# WHAT TO WORK ON:
Print back each record unchanged, without pictures.

________________________________________

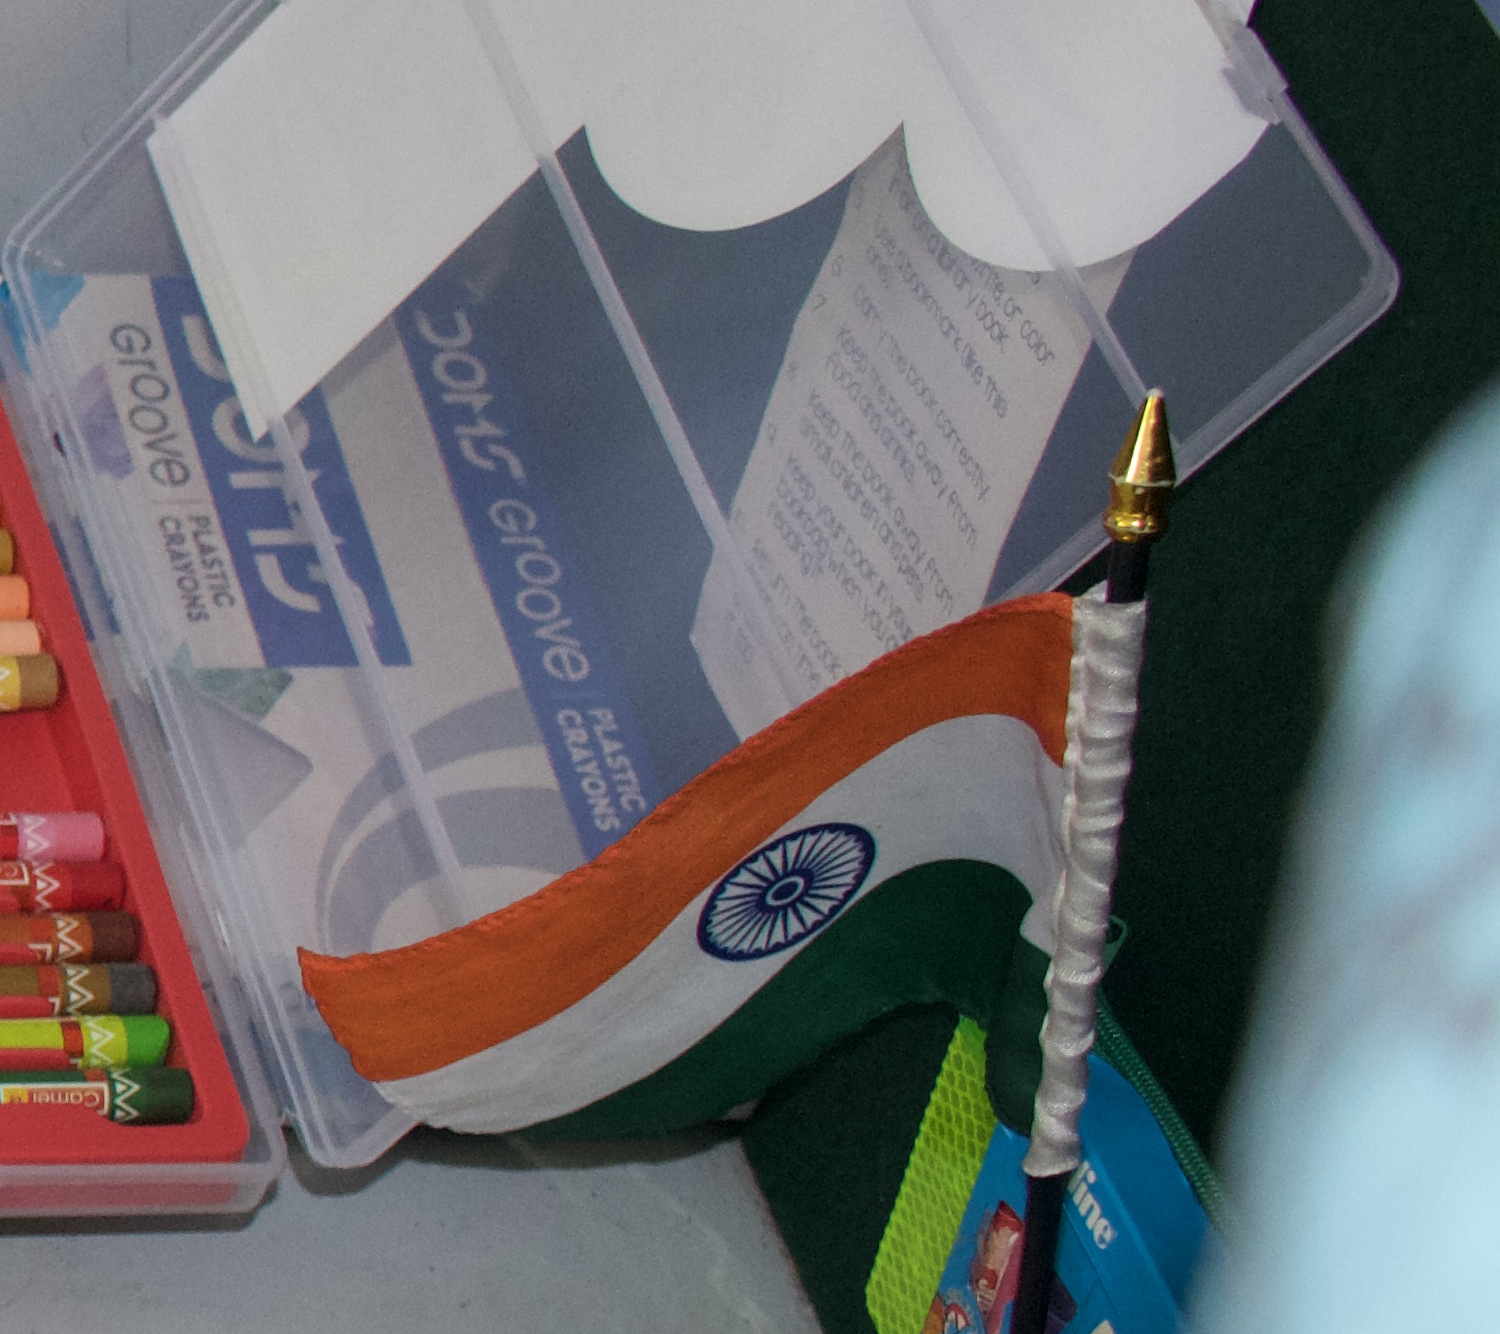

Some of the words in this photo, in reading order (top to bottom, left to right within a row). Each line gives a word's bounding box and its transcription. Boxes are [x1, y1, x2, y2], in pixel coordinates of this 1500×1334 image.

[158, 516, 210, 623] CRAYONS
[187, 514, 235, 608] PLASTIC
[558, 709, 623, 832] CRAYONS
[587, 706, 646, 815] PLASTIC
[32, 1091, 100, 1107] Camel
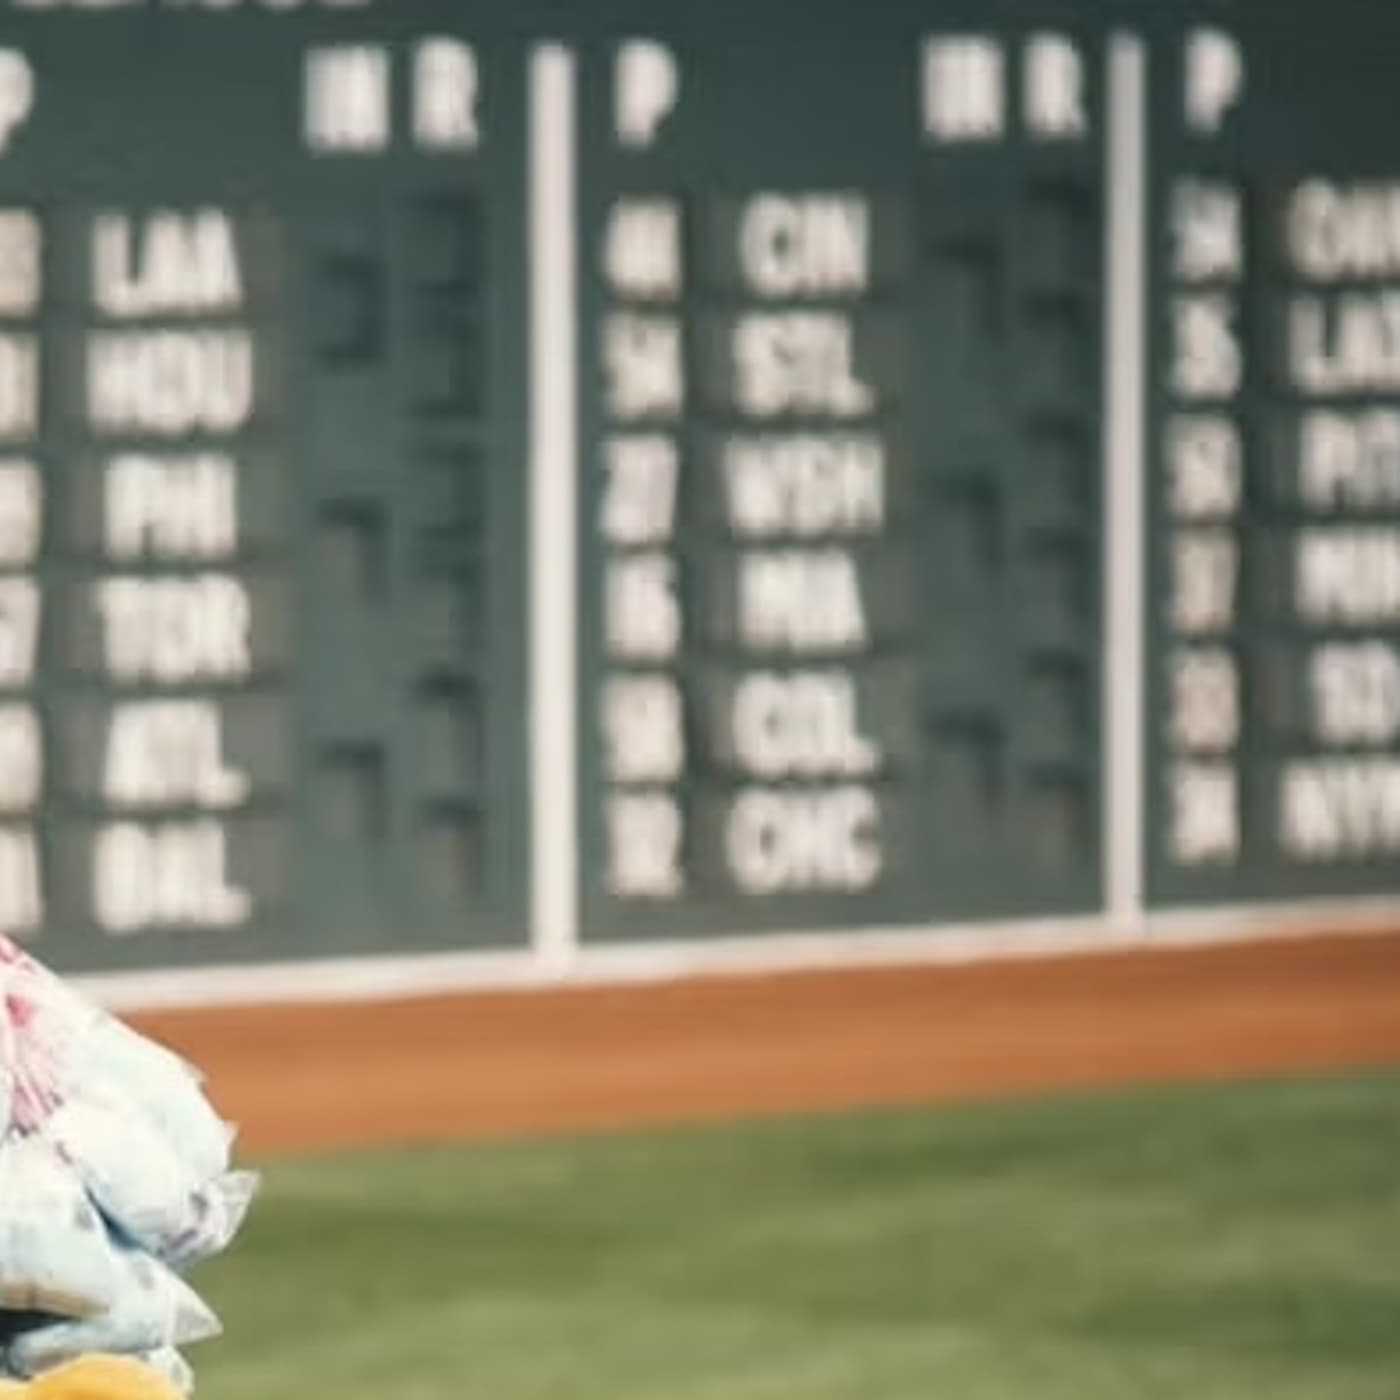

________________________________________

# THE ANSWER:
Some of the words in this photo, in reading order (top to bottom, left to right within a row). Each line gives a word's bounding box and its transcription. Boxes are [x1, y1, x2, y2], in pixel coordinates of this 1500×1334 image.

[158, 516, 210, 623] CRAYONS
[187, 514, 235, 608] PLASTIC
[558, 709, 623, 832] CRAYONS
[587, 706, 646, 815] PLASTIC
[32, 1091, 100, 1107] Camel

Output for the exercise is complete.